De los diez pasos que debían darse para llegar a ser un gran actor, los dos principales los siguieron al pie de la letra Pablo Iglesias y Pablo Casado: hicieron suyo al personaje que representaban en el Congreso y le trasladaron a éste su propia verdad. Por eso triunfaron frente al resto de protagonistas de la obra en varios actos: Investidura.

Ninguno de los dos ha pasado -que se sepa- por el Actor's Studio de Nueva York, pero las enseñanzs básicas que Lee Strasberg trasladó a Marlon Brando, a James Dean, a Marilyn Monroe o a Jane Fonda -y que estableció el ruso Konstantin Stanislawaski hace cien años desde Moscú- las han aprendido a base de ver mucho cine y un poco bastante de teatro, ya sea en la Gran Via madrileña o en el Broadway de Manhattan.

Es casi imposible de separar al ciudadano Pablo Iglesias del actor político Pablo Iglesias. La verdad del líder de Podemos la asume el actor que lo encarna y, a su vez, traslada al personaje su propia verdad como hombre que ha nacido y vive desde la izquierda. Sin fisuras durante su media hora de aparición sobre el escenario del Congreso supo imprimir el tono adecuado a cada escena hasta terminar con un esplendoroso y explosivo final. Rompió todos los secretos de las negociaciones, expuso ante millones de espectadores las miserias de los grandes sillones y dejó al protagonista principal de la obra oscurecido y pidiendo a gritos un cambio de escena y de actor al que darle la réplica.

El secundario de lujo que era y es -por ahora y a la espera de futuras obras electorales- Pablo Casado, que ha logrado imprimir a un personaje tan difícil como el suyo la credibilidad que le faltaba cuando hace un año tuvo que aceptar deprisa y corriendo el papel que abandonó Mariano Rajoy sin muchas explicaciones.

Rivera, el más aspirante de todos los aspirantes a encabezar el elenco de los adversarios del protagonista, fracasó

El presidente del PP se ha despojado de los artificios de los primeros meses, de ese impulso de querer ocupar un escenario demasiado grande y de intentar representar varios papeles al mismo tiempo, lo que le llevó a que el público -el suyo y el del resto de los españoles- le viera actuar más en plan de comedia ligera y apta para todos los públicos, que en el drama -con toques de humor como exige todo buen guión de novela negra- en el que se desenvuelve su partido.

El más aspirante de todos los aspirantes a encabezar el elenco de los adversarios del protagonista fracasó.

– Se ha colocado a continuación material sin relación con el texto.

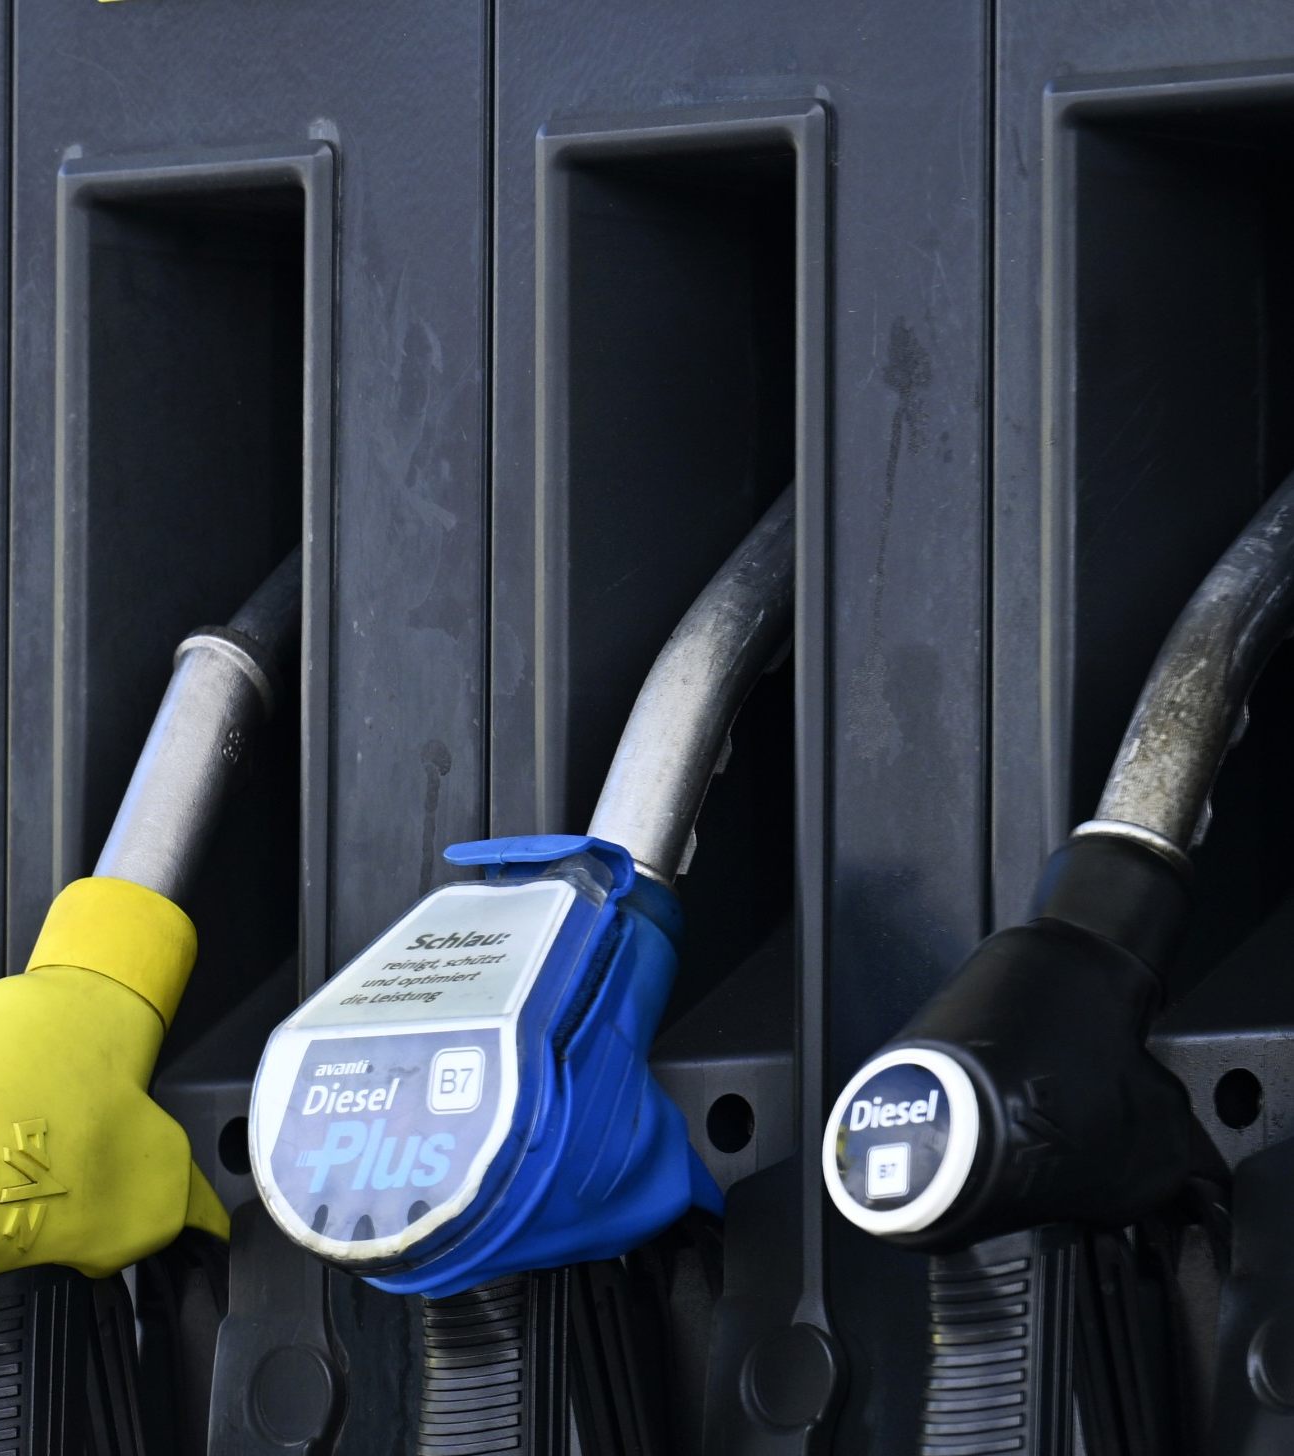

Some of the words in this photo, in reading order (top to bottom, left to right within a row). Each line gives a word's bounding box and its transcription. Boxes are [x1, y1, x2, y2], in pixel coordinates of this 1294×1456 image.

[406, 931, 511, 950] Schlau:
[382, 958, 441, 972] reinigt,
[442, 953, 508, 969] schützt
[361, 976, 401, 988] und
[397, 971, 482, 988] optimiert
[339, 994, 369, 1006] die
[368, 991, 444, 1004] Leistung
[314, 1059, 370, 1077] avanti
[439, 1067, 474, 1095] B7
[301, 1077, 402, 1116] Diesel
[849, 1089, 939, 1131] Diesel
[295, 1117, 456, 1194] Plus
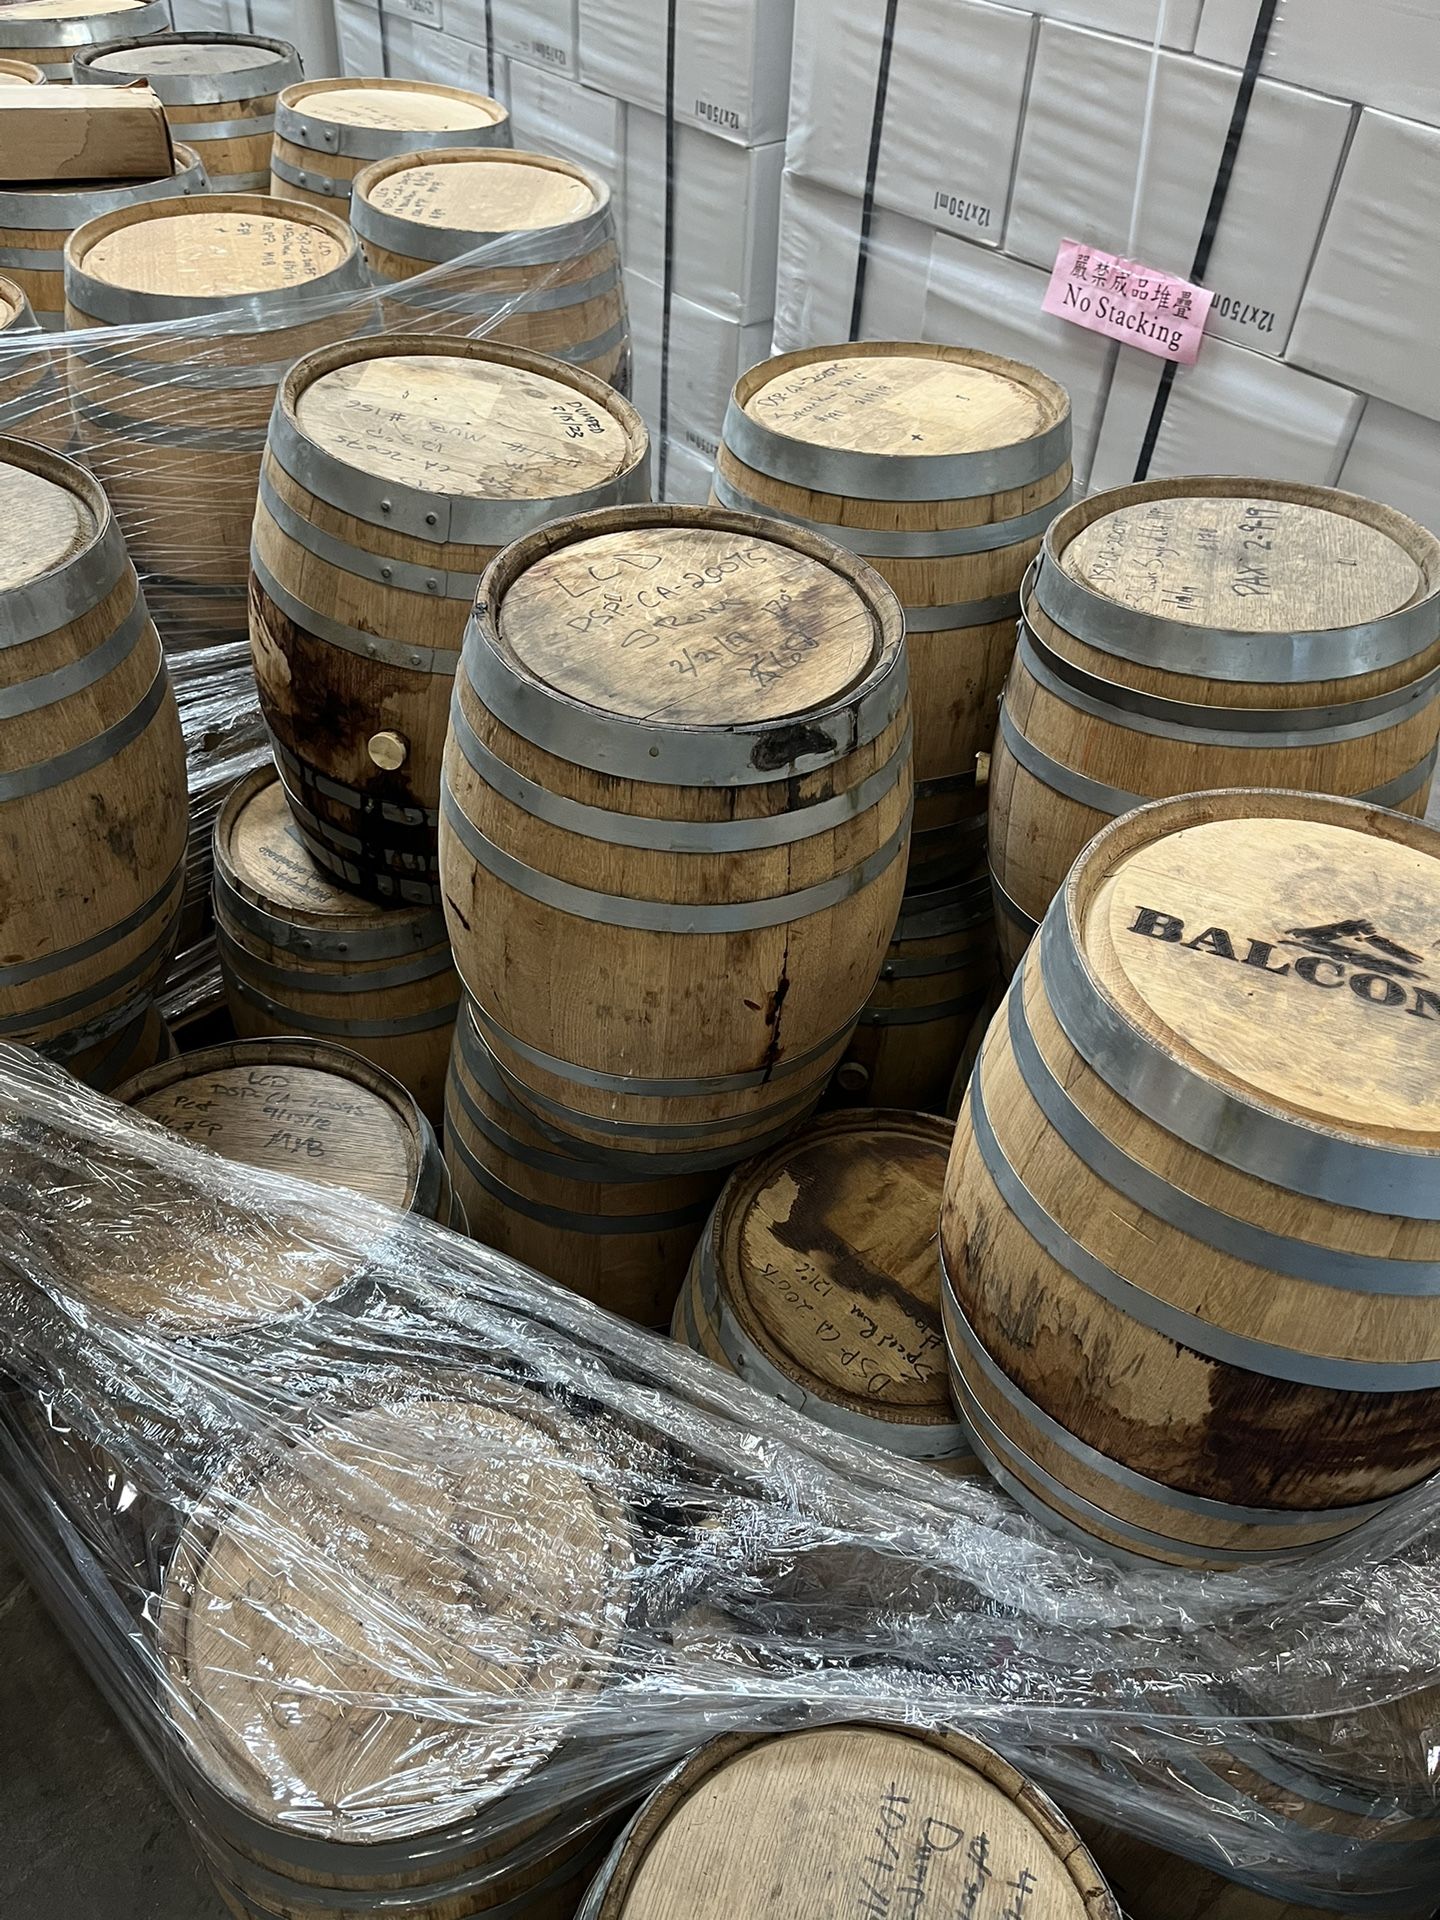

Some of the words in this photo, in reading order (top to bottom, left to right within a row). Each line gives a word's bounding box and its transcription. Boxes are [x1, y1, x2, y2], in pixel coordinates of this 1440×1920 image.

[695, 99, 740, 130] 12x750ml
[933, 191, 991, 227] 12x750ml
[1071, 254, 1193, 320] 嚴禁成品堆疊
[1062, 283, 1091, 313] No
[1095, 296, 1183, 352] Stacking
[1210, 293, 1276, 333] 12x750m
[344, 400, 407, 422] #156
[553, 553, 663, 598] LCD
[1231, 563, 1270, 598] PAX
[248, 1071, 290, 1088] LCD
[849, 1303, 882, 1338] Rum
[877, 1333, 940, 1383] Spiced

Albert Rivera puso a su personaje por encima de él, le dejó que le dominara, que le arrastrara con su lenguaje y la credibilidad se esfumó delante de todos los espectadores, de los que se sentaban en el hemiciclo y de los que seguían cada capítulo por televisión. Resultó tan impostado, con tanta ausencia de frescura y de verdad en su papel que, cuando él mismo se dio cuenta e intentó rectificar reclamando un futuro a sus admiradores/votantes, era tarde. Su telón se lo había bajado aquel al que intentó acorralar en el escenario sin conseguirlo.

Y Santiago Abascal, al que le faltan tables y recursos. Ha asumido su propio personaje, que le lleva al histrionismo con suma facilidad. Consigue buenas frases, pese a su imitación del vasco Anasagasti, pero el tono declamativo y el texto que le han preparado más parece propio de una tragedia griega como Las suplicantes de Esquilo que de un drama moderno como el que se ha representado en el Congreso.

Del resto de los protagonistas de la obra cabe decir que Gabriel Rufián estuvo aseado e incluso por momentos creíble y eficaz en su papel; que Aitor Esteban mantuvo con sobriedad el papel de vasco que siempre les ha tocado representar a sus antecesores; y que aquellos que como Joan Baldoví o Laura Borrás tenían apenas una frase, la dijeron sin mucha convicción e hicieron un discreto mutis hacia sus escaños.